> **GOAL OF THE EXERCISE**:
Reproduce each record verbatim, images excluded.

> **Source data**:
- - - -
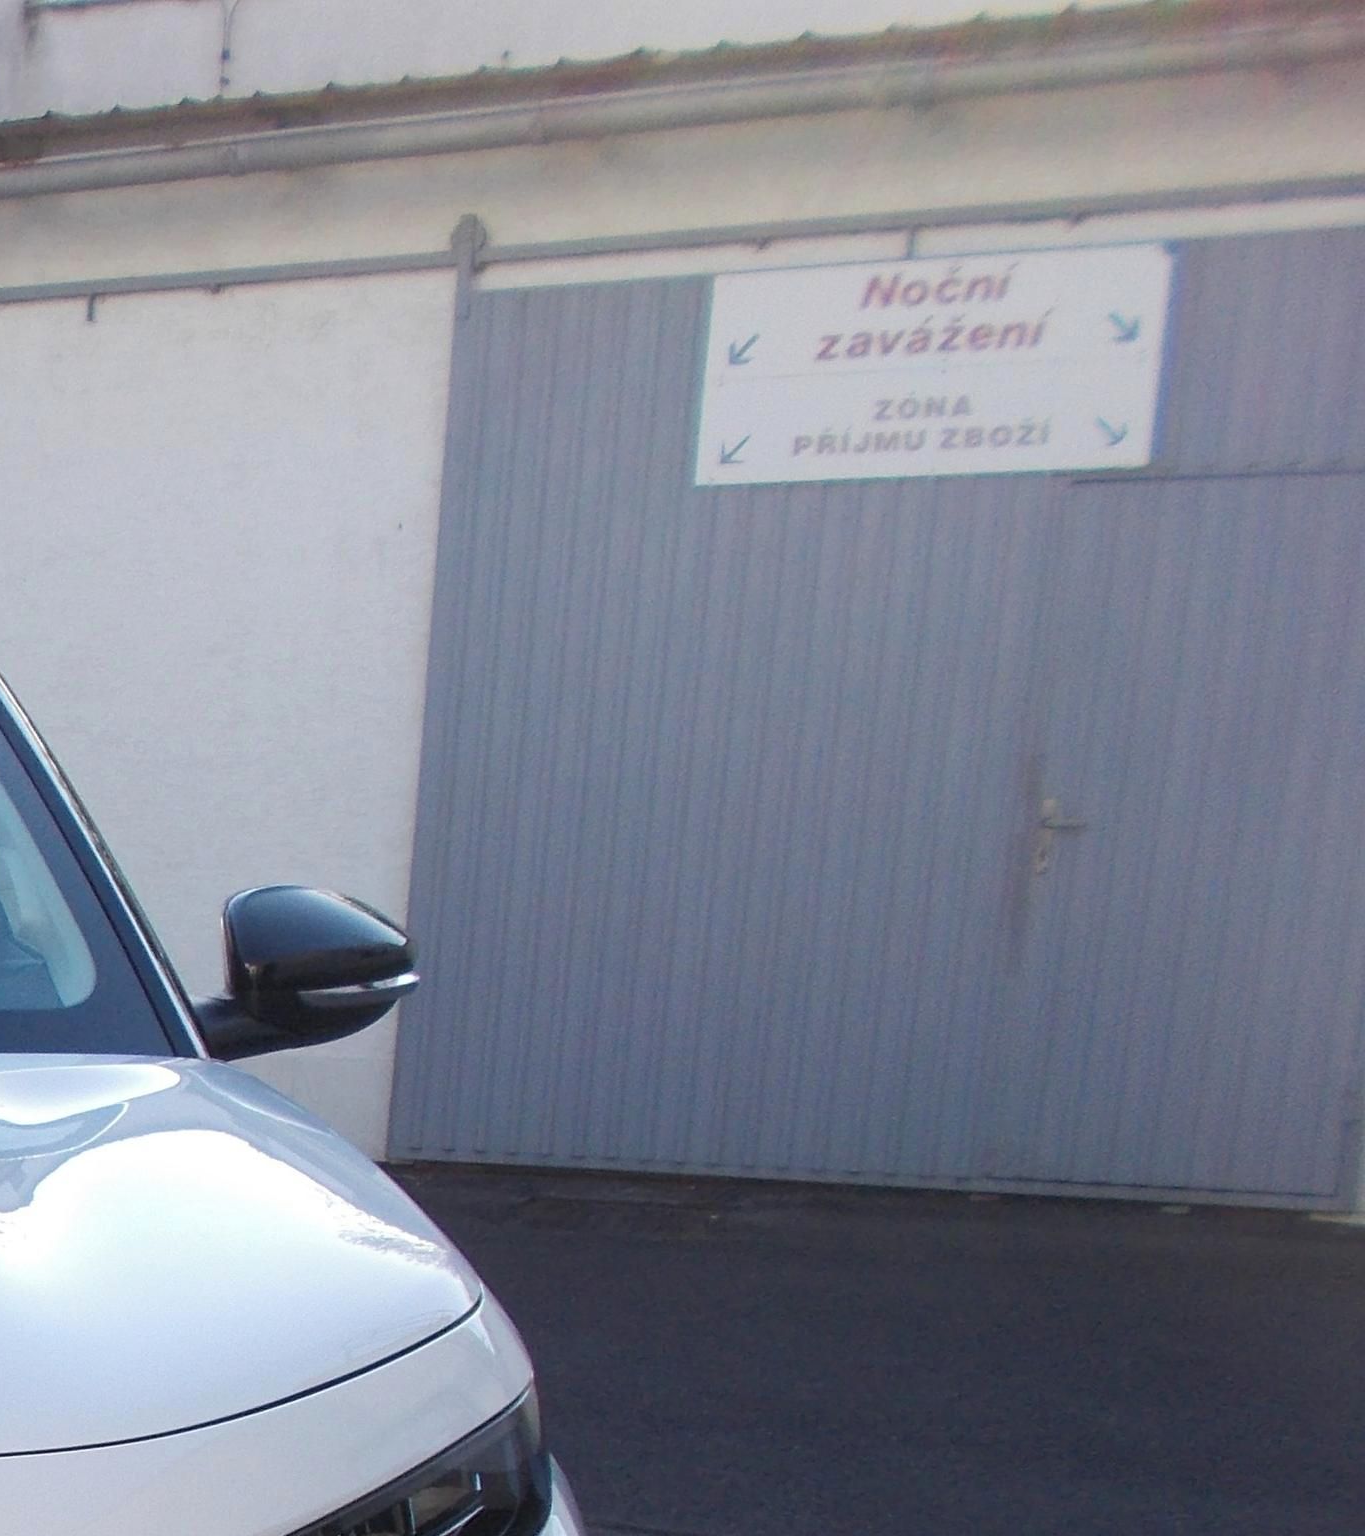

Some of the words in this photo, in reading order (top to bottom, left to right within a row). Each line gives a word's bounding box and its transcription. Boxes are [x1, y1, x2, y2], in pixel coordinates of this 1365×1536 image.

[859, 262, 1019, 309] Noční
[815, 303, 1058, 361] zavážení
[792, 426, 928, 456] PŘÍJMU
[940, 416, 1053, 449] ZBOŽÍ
- - - -
> **ANSWER TO THE EXERCISE**:
Some of the words in this photo, in reading order (top to bottom, left to right within a row). Each line gives a word's bounding box and its transcription. Boxes are [x1, y1, x2, y2], in pixel coordinates of this 1365×1536 image.

[859, 262, 1019, 309] Noční
[815, 303, 1058, 361] zavážení
[792, 426, 928, 456] PŘÍJMU
[940, 416, 1053, 449] ZBOŽÍ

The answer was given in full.